# Dry dough in mixer?



## Julio (Nov 15, 2009)

Hello,

I recently got my stand mixer when i make dough for bread or pizza my dough at the end is kinda hard and little pieces of dough all over the mixing bowl. Am i over kneading or am i putting in the flour too fast when the recipe says to add flower to the mixing bowl?


----------



## bakechef (Nov 15, 2009)

Sounds like too much flour.

Make sure that you are measuring the flour properly, fluff up the four and scoop into the measuring cup and level it off, never pack it in there.

You know that you have enough flour when the dough cleans the sides of the bowl and just the very bottom of the dough sticks to the bottom.  If your dough is flopping around in the bowl and breaking apart, you have too much flour.

Kind of like this.


----------



## Julio (Nov 15, 2009)

I use a plastic 2 1/2 measuring cup. The recipe that i have done so far calls for 7 cups or flower for bread and 3 1/2 of flower for pizza dough. I use all purpose flower already sift.

What do you mean by fluff the flower?


----------



## bakechef (Nov 15, 2009)

What I mean by "fluffing"  is to stir the flour, this will make sure that the flour hasn't settled and compacted too much.  Then you can spoon it into the measuring cup and level it off getting an accurate measurement.  This video will show you how.

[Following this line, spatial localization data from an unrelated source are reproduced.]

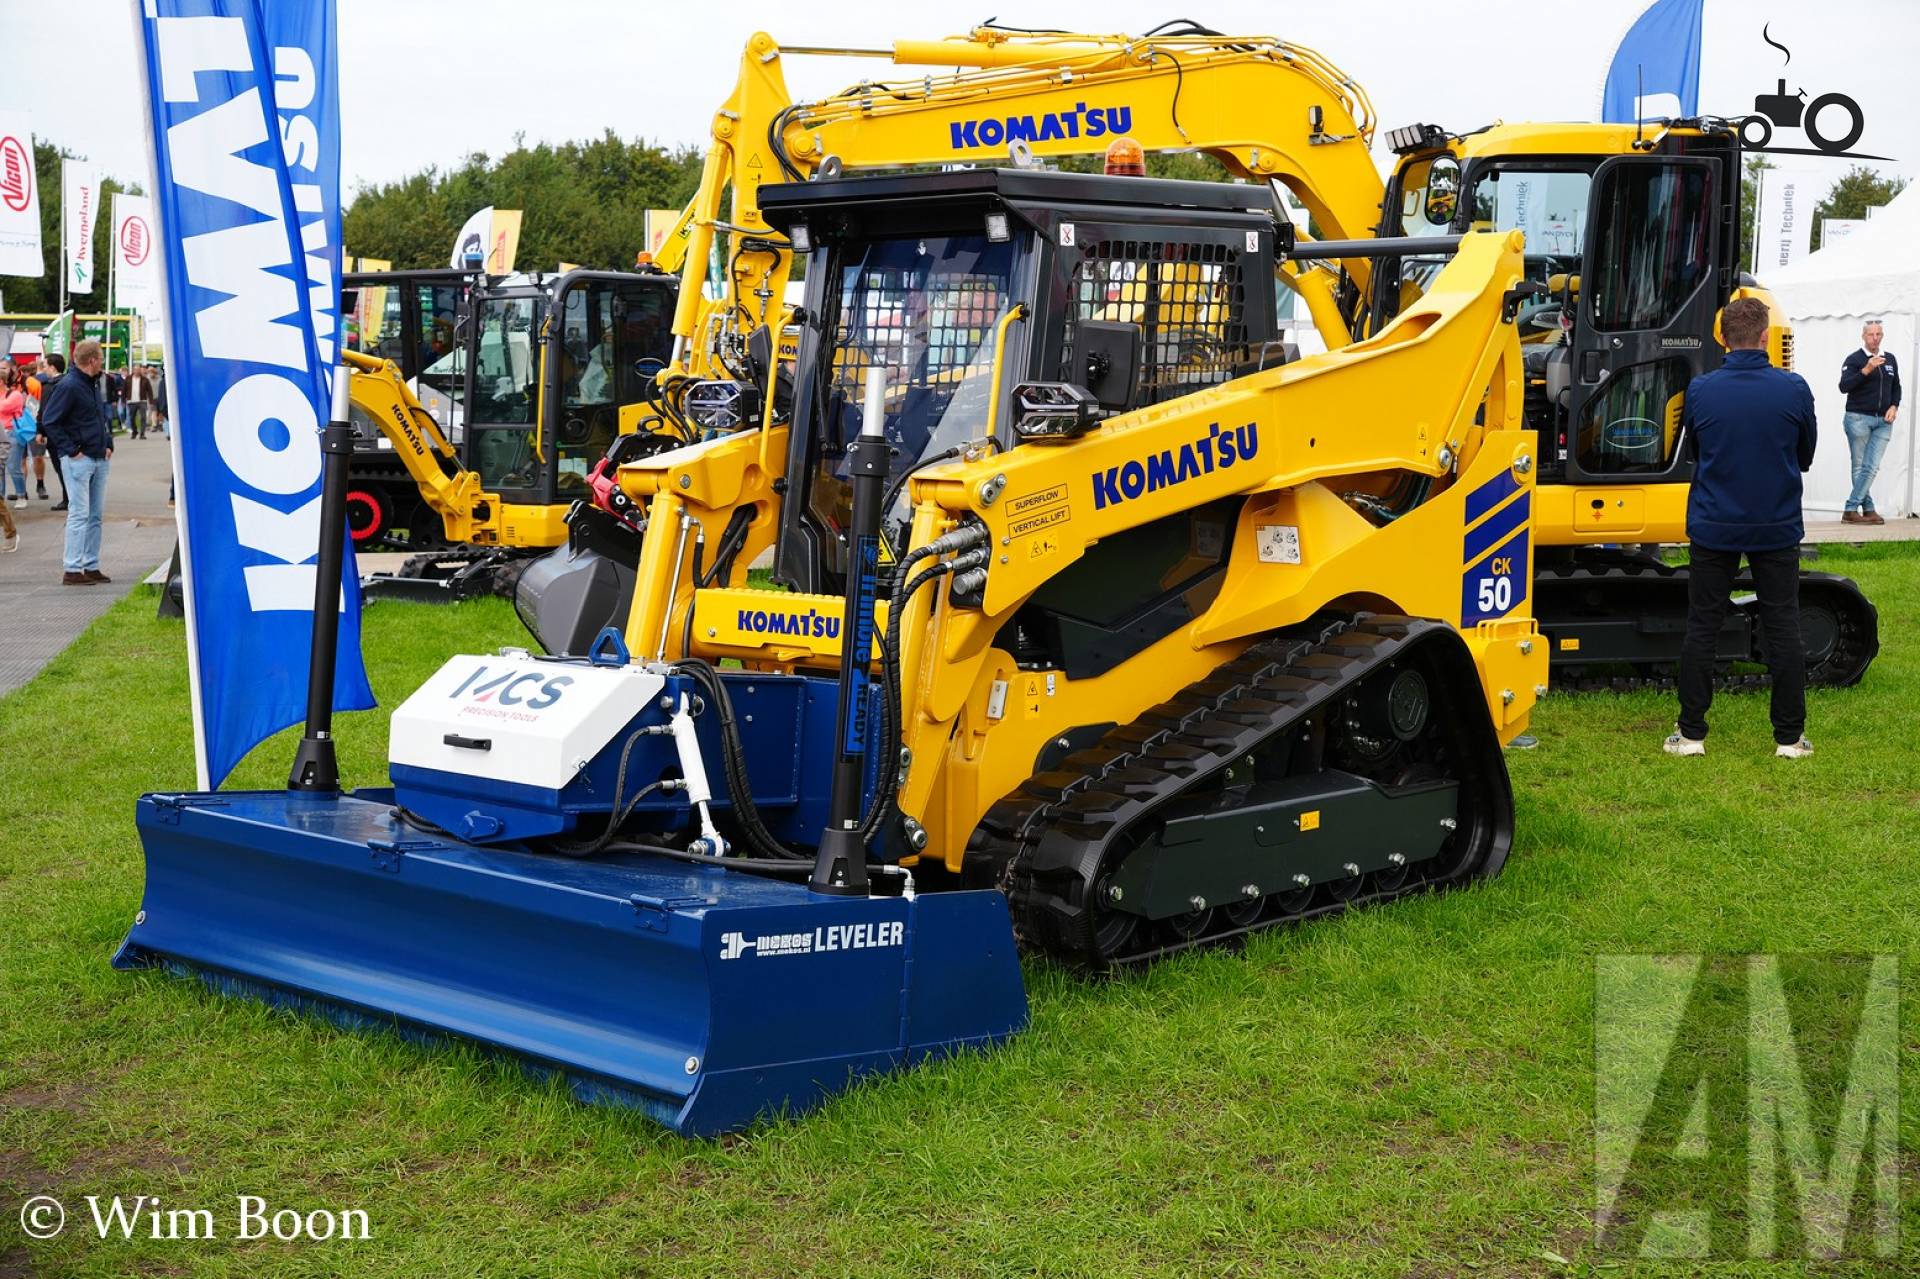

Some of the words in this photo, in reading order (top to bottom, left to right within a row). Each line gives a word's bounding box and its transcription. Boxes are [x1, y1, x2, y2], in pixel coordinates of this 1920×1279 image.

[950, 102, 1132, 149] KOMATSU
[0, 146, 24, 200] Vicon
[1515, 181, 1528, 227] Techniek
[1781, 184, 1795, 234] Techniek
[77, 186, 90, 260] Kverneland
[124, 222, 143, 259] Vicon
[1661, 337, 1700, 348] KOMATSU
[392, 403, 425, 455] KOMATSU
[1092, 422, 1258, 510] KOMATSU
[1015, 490, 1058, 510] SUPERFLOW
[1013, 516, 1050, 533] VERTICAL
[1050, 510, 1065, 521] LIFT
[1492, 558, 1511, 575] CK
[1478, 577, 1511, 612] 50
[738, 608, 840, 638] KOMATSU
[463, 705, 509, 720] PRECISION
[854, 684, 869, 744] READY
[815, 921, 904, 952] LEVELER

http://www.youtube.com/watch?v=TKWACOrFYKU


----------



## Julio (Nov 15, 2009)

Thank you bakechef,

That's what i was doing wrong. I was packing the flour into the measuring cup.  I thought that sift meant something like fluffy but i see now it is 2 different things.


----------



## bakechef (Nov 15, 2009)

Sifting does fluff up the flour, but when you pack it into a cup that fluffiness goes away!

Glad I could help.

Weighing flour is the most accurate way, but here in the united states, most recipes' ingredients are measured buy the cup, and if it isn't measured properly can cause inconsistent results.


----------



## Julio (Nov 15, 2009)

I was looking into getting a scale but now i have a more of a reason to getting it sooner.

Thanks again bakechef,


----------



## jasonr (Nov 15, 2009)

Unfortunately, there is no consistency between recipes when it comes to measure flour by volume. Some recipes expect you to spoon into the cups, others expect you to scoop. 

Volume measurement sucks.

For a one-time investment of about $20 - $50 you can buy a little digital scale that will last for years, guarantees perfect accuracy, and is ten times faster than messing around the spoons and measuring cups. 

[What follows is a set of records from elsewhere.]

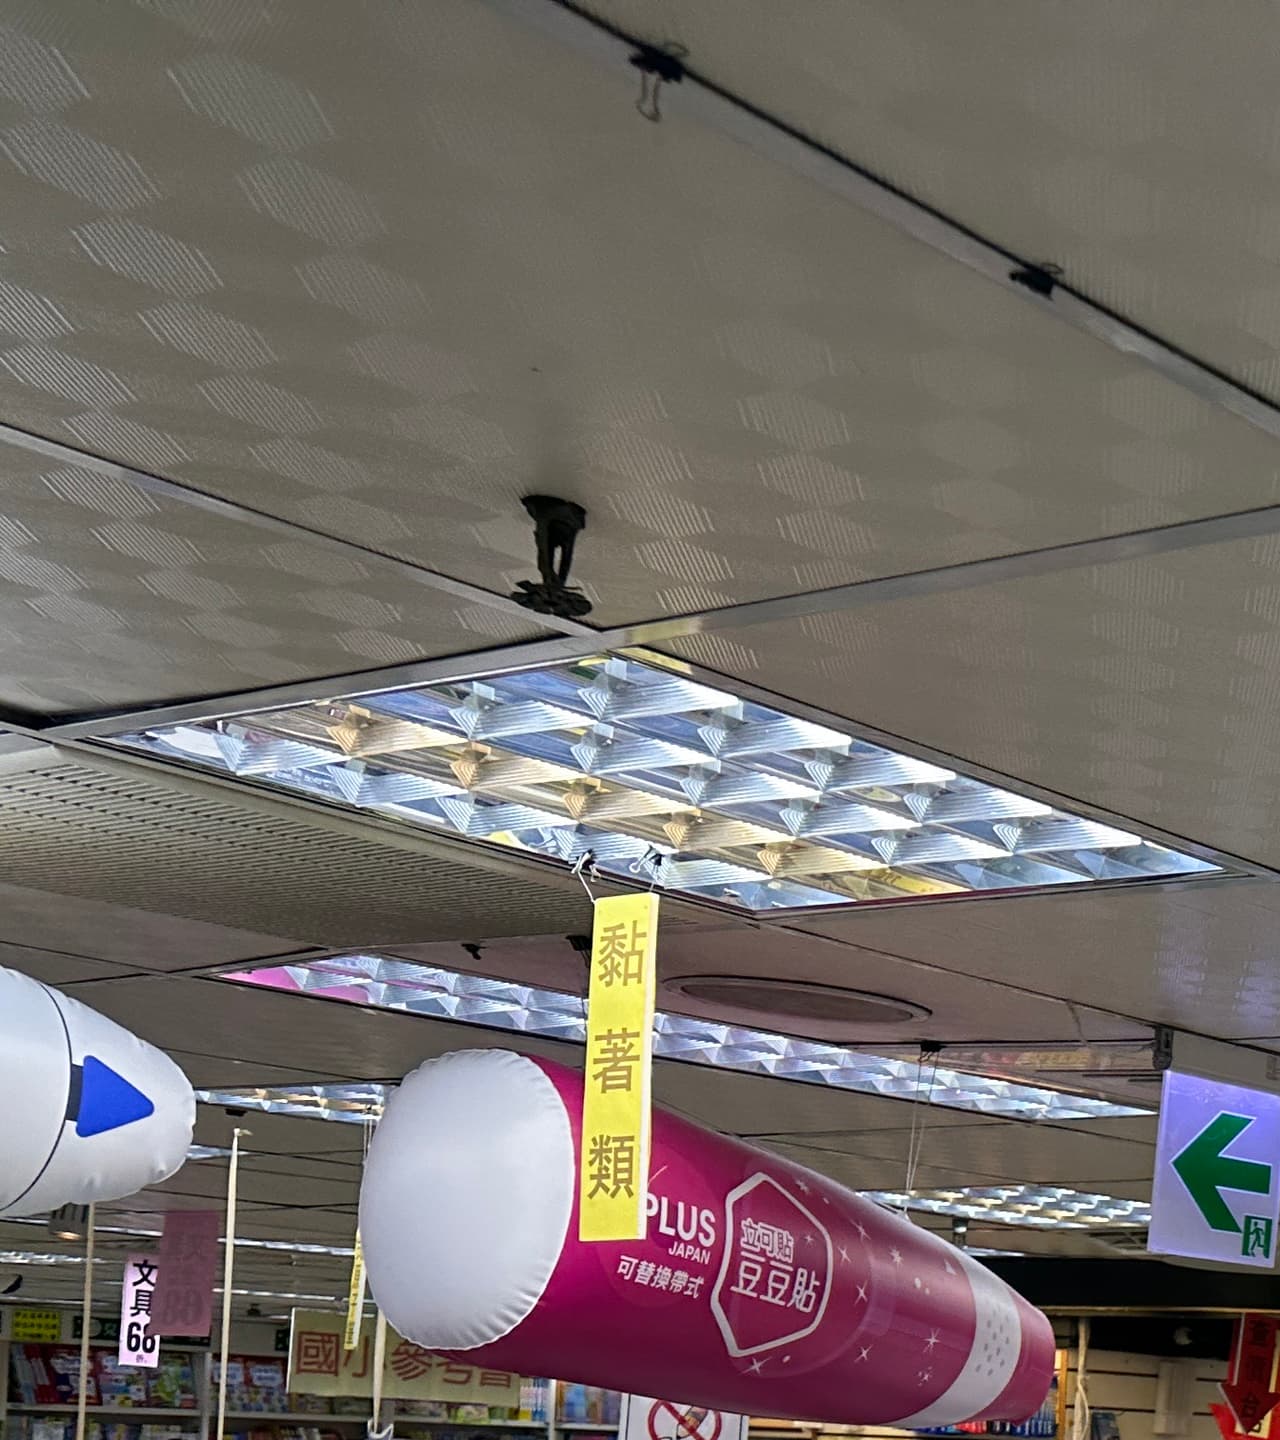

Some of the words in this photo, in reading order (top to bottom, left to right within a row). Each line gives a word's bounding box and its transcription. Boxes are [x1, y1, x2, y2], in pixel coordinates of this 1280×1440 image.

[588, 919, 649, 1200] 黏著類
[646, 1192, 716, 1247] PLUS
[617, 1255, 704, 1299] 可替換帶式
[668, 1241, 711, 1265] JAPAN
[730, 1251, 820, 1313] 豆豆貼

Once you switch, you'll wonder how you ever did it differently.


----------



## bakechef (Nov 15, 2009)

Agree about the scale, it has changed my life, LOL!

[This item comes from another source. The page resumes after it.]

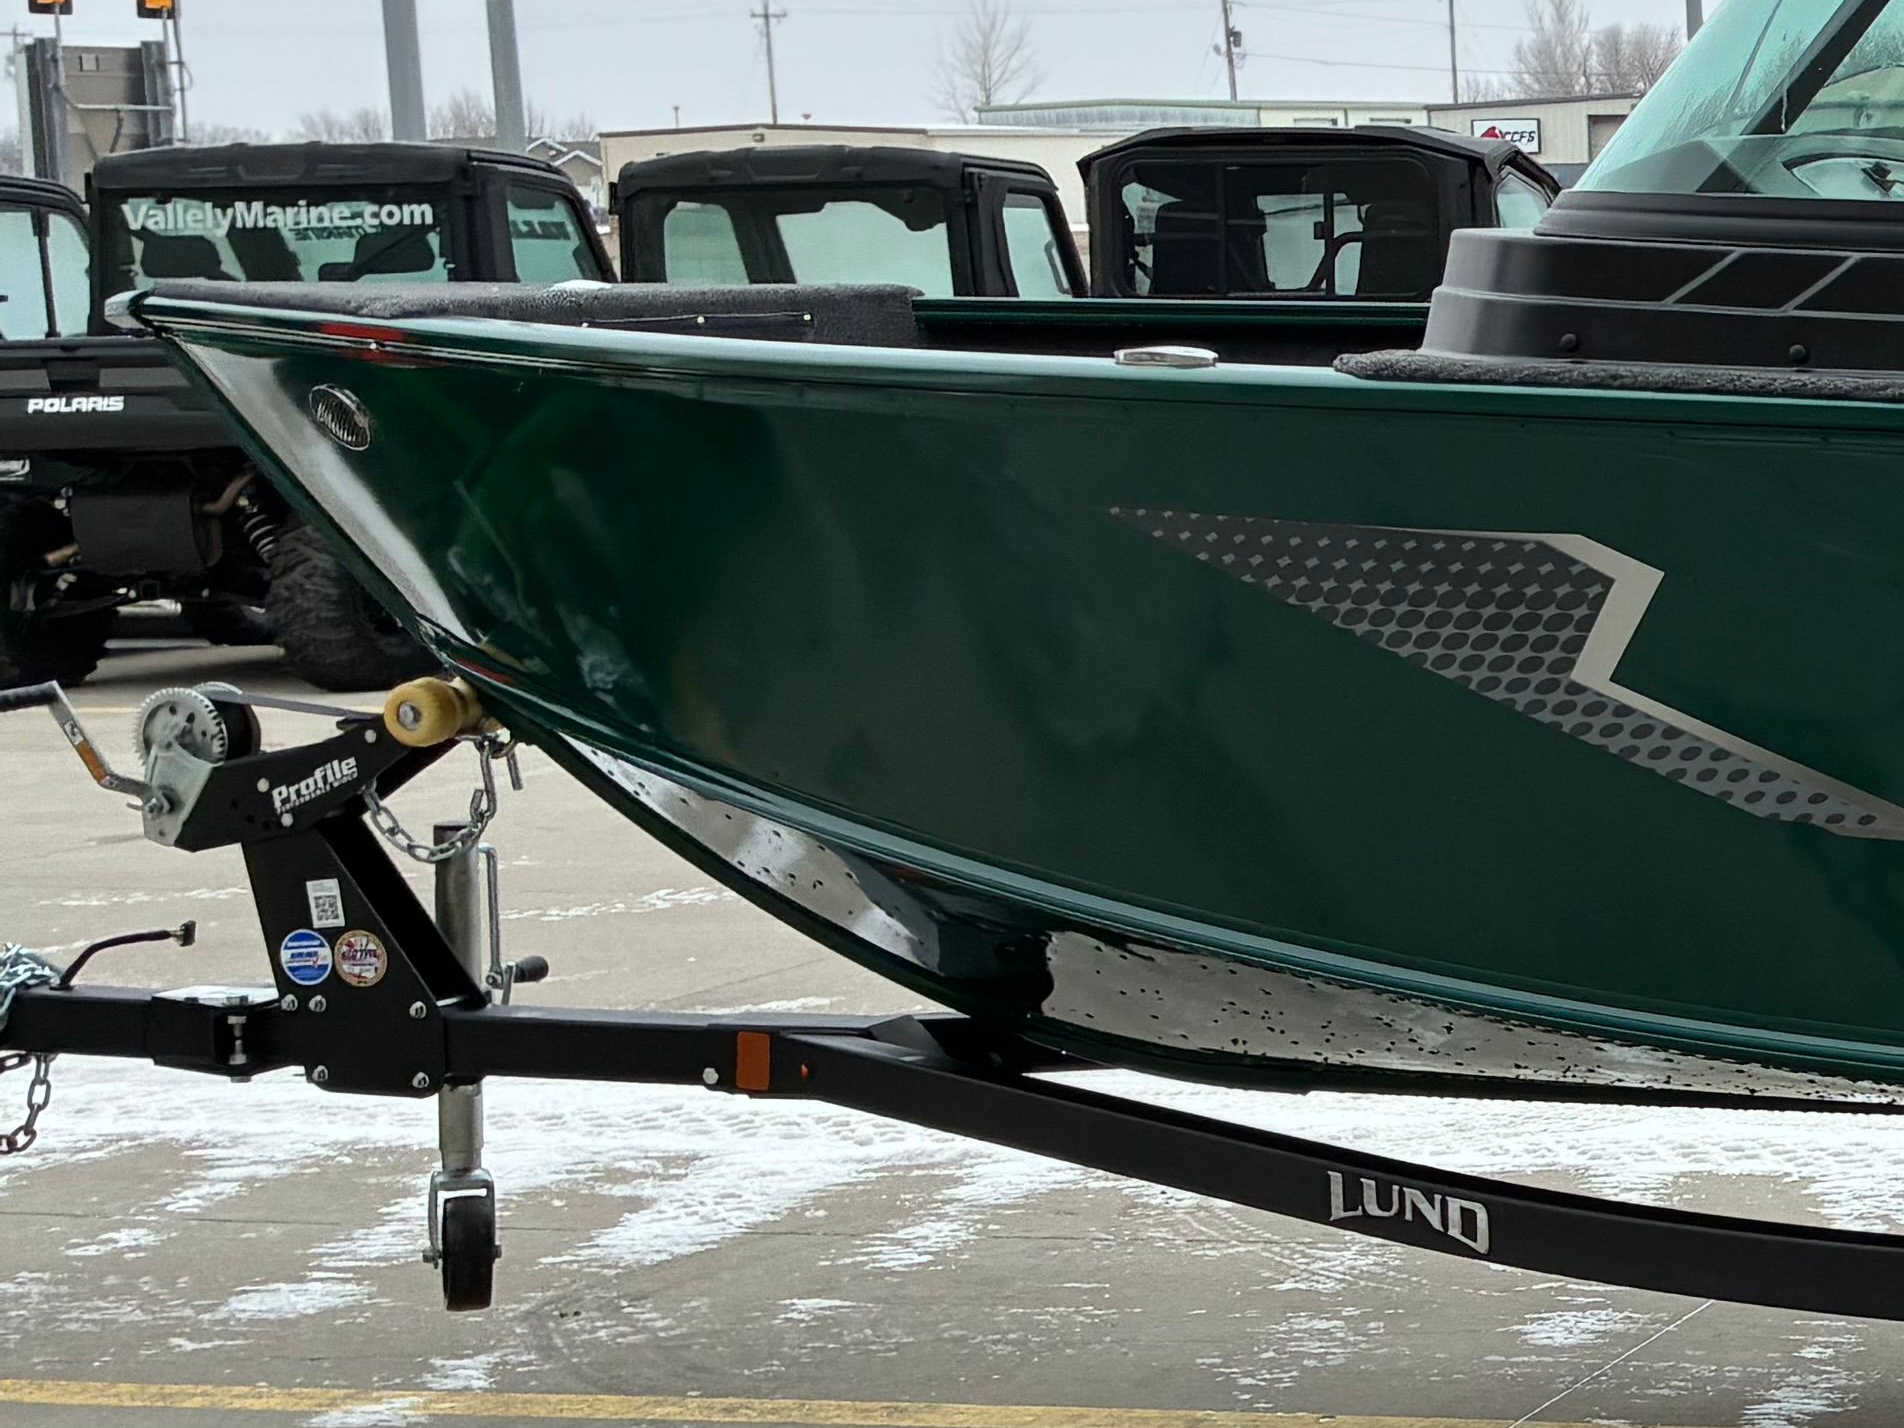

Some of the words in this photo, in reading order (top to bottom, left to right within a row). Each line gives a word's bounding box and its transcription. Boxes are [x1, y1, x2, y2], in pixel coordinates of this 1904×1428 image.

[121, 200, 434, 236] VallelyMarine.com
[27, 395, 125, 414] POLARIS
[271, 756, 357, 809] Profile
[1327, 1170, 1490, 1255] LUND

Even though I was always very careful measuring by volume, I get much more consistent results when measuring by weight.


----------



## Michael in FtW (Nov 16, 2009)

If you are using the recipes in your KA Artisan manual, and unless it is different from my manual, it should give you flour listed as a range - 6-7 cups for example. So, it may only take 6+ cups and not a full 7. Start with the lower amount and add more if necessary to get the right dough consistency. And, in addition to how you measure making a difference the brand of flour will also make a difference.


----------



## Julio (Jan 10, 2010)

Michael in FtW said:


> If you are using the recipes in your KA Artisan manual, and unless it is different from my manual, it should give you flour listed as a range - 6-7 cups for example. So, it may only take 6+ cups and not a full 7. Start with the lower amount and add more if necessary to get the right dough consistency. And, in addition to how you measure making a difference the brand of flour will also make a difference.



I was just coming to make a thread about "Do I need to use the full amount of flour that a recipe calls for?" you answered my question Micheal in FtW.

I'm going to get myself a scale for when I do artisan bread and pizza doughs.

Thanks everyone for the great replies.


----------